Once anyone with an idea more colorful than the ochre melange found on the front page of any newspaper is defined, a priori as a nut job, the idea is tainted. Even when they are, much later, proven to be true. "The necessary proof of such a conspiracy, if we choose to call it that, often turns up 25 or 50 years after the fact, when the release of classified documents churns up no public outcry or indictments" (Indiana). This makes it fiendishly difficult to convince most Americans that there are really some valid conspiracies that we should be concerned about. Since their parents or grandparents were already told "The Truth" (at least the Warren Commission version of it) these slippery and confabulated facts have entered the family history and to contradict them now is to invalidate grandpa's life.

"Where were you when Oswald Shot Kennedy?" was the defining question of my parent's generation. Everyone remembers where they were when Kennedy was shot. But by whom, no one really knows for sure. And no one really cares now, forty years later.

The problem of course is only made worse by the fringe thinkers who have spent the last forty years concocting one lurid scheme after another to try and explain what did really happen, sometimes with far less evidence than the Warren Commission, sometimes with far more, but always with the stench of incredulity clinging to their ink stained hands and jittery, coffee colored thoughts. How did this, "monumental apathy and programmed ignorance" come to dominate the landscape of conspiratorial thought? Mr. Indiana (and others) suggest that it is the grandstanding of one tweedy intelectual, Richard Hofstadter, whose 1964 essay, "The Paranoid Style in American Politics," set the attitude for the next four decades:

Hofstadter's essay, written in the aftermath of the McCarthy witch hunts and the Kennedy assassination, with an eye on the then marginal but scary realm of right-wing plot-weavers, has been eerily assimilated by a certain idling pedantry, which rummages through the historical debris of arcane conspiracist subjects (the Knights Templar, Jesuit intrigues, Freemasonry, the Illuminati, alien abductions, the Rothschilds, the Bilderberg meetings, the Knights of Malta), often recounting the same narratives at numbing length, with little fresh insight.
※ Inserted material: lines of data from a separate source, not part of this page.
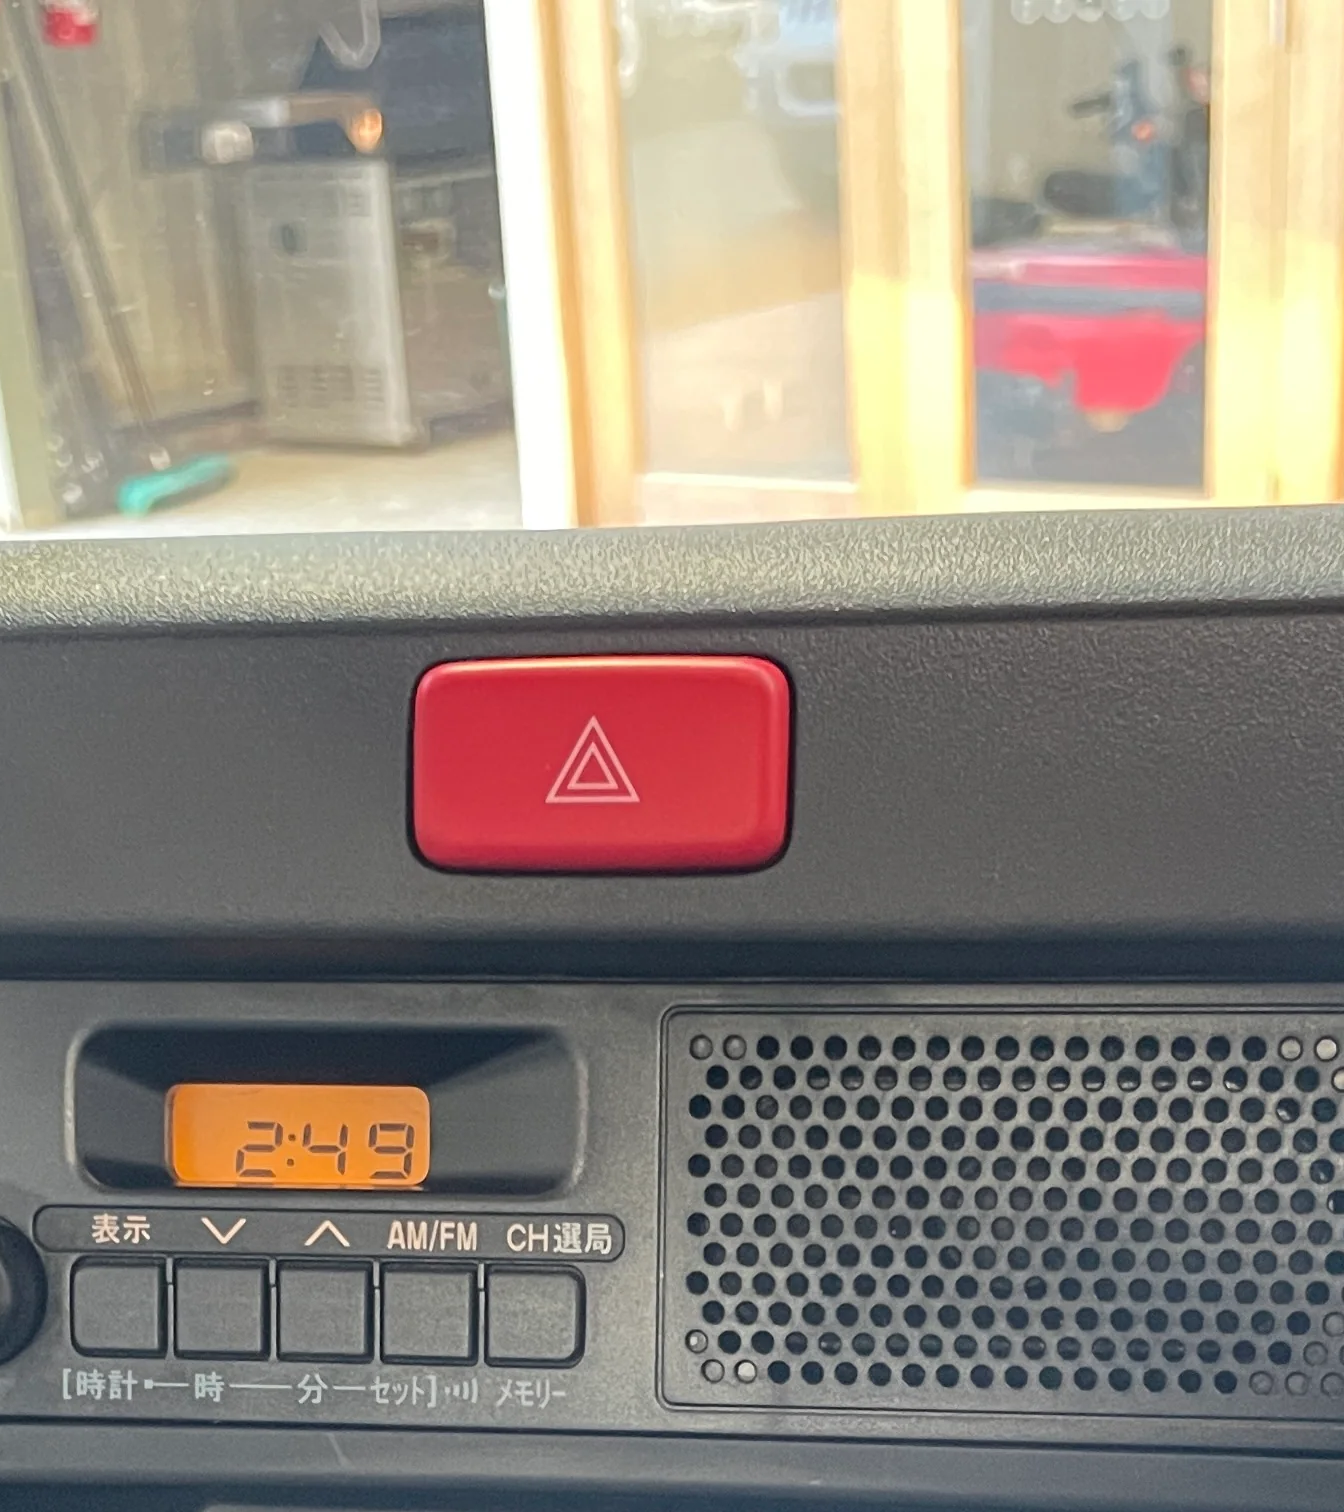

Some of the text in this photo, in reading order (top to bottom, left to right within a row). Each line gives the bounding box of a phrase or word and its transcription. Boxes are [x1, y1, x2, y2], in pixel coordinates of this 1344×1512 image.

[236, 1120, 415, 1180] 2:49
[91, 1213, 151, 1244] 表示
[386, 1219, 479, 1252] AM/FM
[194, 1371, 225, 1403] 時
[296, 1373, 328, 1405] 分
[496, 1378, 566, 1409] メモリー
Only a few contemporary writers drastically depart from Hofstadter's historical itinerary, or his parochial vision of America as a "pluralist democracy" whose institutional framework is essentially benign and immutably fair, rational, and systemically mistrusted only by paranoid schizophrenics. "One need only think of the response to President Kennedy's assassination in Europe to be reminded that Americans have no monopoly on the gift for paranoid improvisation," Hofstadter declared, 15 years before the U.S. House of Representatives' Select Committee on Assassinations concluded that Kennedy's murder was indeed the result of a conspiracy.
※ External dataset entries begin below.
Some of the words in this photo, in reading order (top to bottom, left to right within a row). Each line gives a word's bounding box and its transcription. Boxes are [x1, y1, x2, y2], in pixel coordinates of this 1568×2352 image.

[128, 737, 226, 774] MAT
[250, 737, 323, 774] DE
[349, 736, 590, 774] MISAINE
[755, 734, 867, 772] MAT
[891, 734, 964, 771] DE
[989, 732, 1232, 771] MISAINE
Hofstadter's prescience is amply evidenced in Michael Barkun's A Culture of Conspiracy: Apocalyptic Visions in Contemporary America (2003). Barkun has ingested Hofstadter's imperious tome whole, and his book does little more than regurgitate its polemical eurekas. Barkun informs us that the 'essence of conspiracy beliefs lies in attempts to delineate and explain evil.' Ergo Christianity, Judaism, Islam, and most other organized religions qualify as conspiracy beliefs, though Barkun neglects to say so. Barkun identifies three principles 'found in virtually every conspiracy theory,' to wit: Nothing happens by accident. Nothing is as it seems. Everything is connected. Clearly Freud, Plato, Leibniz, and Einstein all suffered from at least one symptom of conspiracism; fortuitously, without mentioning any of them, someone has finally exposed these thinkers as mentally ill.

The end result is that the general public only trusts information that come from the Experts, except that the Experts all work for the Conspiritors. And those of us who still posess critical thinking skills are left with doubt, cinicsm and a desire to find out What's Really Going On but without the means to discover that slippery truth.

So now, we're all nutbar conspiracy theorists, finding connectivity and conspiracy in what we are told, time and again (by the handful of media outlets owned by rich white men who are friends with the powers that be) that all the world is nothing but unrelated events; that they seem related and interconnected is merely coincidence. Surely that and nothing more.

Friday, May 28, 2004

The Evil Stare



Lucy has just woken up from a nap. She's probably upset because I pulled her tail.

Thursday, May 27, 2004

Things That Were, Things That Will Be

Amnesty International's 2004 report is out and the United States of America is not looking so hot. And this was compiled before the story about prison torture broke, so next years report is already going to be just as bad, if not worse.

Go, USA.

The New York Times Needs a New Magic Mirror

From Corrente, I learned this morning that the NYTimes thinks blogs are smelly and they smell funny and they're stupid and smell, too:


...For many bloggers, the novelty soon wears off and their persistence fades.

Sometimes, too, the realization that no one is reading sets in. A few blogs have thousands of readers, but never have so many people written so much to be read by so few. By Jupiter Research's estimate, only 4 percent of online users read blogs.

Joseph Lorenzo Hall, 26, a graduate student at the School of Information Management and Systems at the University of California at Berkeley who has studied bloggers, said that for some people blogging has supplanted e-mail as a way to procrastinate at work.

"The addictive part is not so much extreme narcissism," Mr. Jarvis said. "It's that you're involved in a conversation. You have a connection to people through the blog."


It's ironic that the "Expert" on blogging that they find is a grad student at Berkeley's SIMS, a Library Science Department that lost their ALA accreditation. Further ironical twists ensue when we visit Mr. Hall's webpage and discover that he is not a grad student, but a PhD candidate.1

Before I started blogging, the only people who read my writing were me and my wife. In the year since, I've had over 6000 visitors, with an average of 39 a day. Grant it, some are repeats and that's not a whole lot, compared to Atrios' 30,000 visitors a day but it's more than I had before, when I was just an obsessive writerly sort of freak, reading my novel-in-progress aloud to my cat.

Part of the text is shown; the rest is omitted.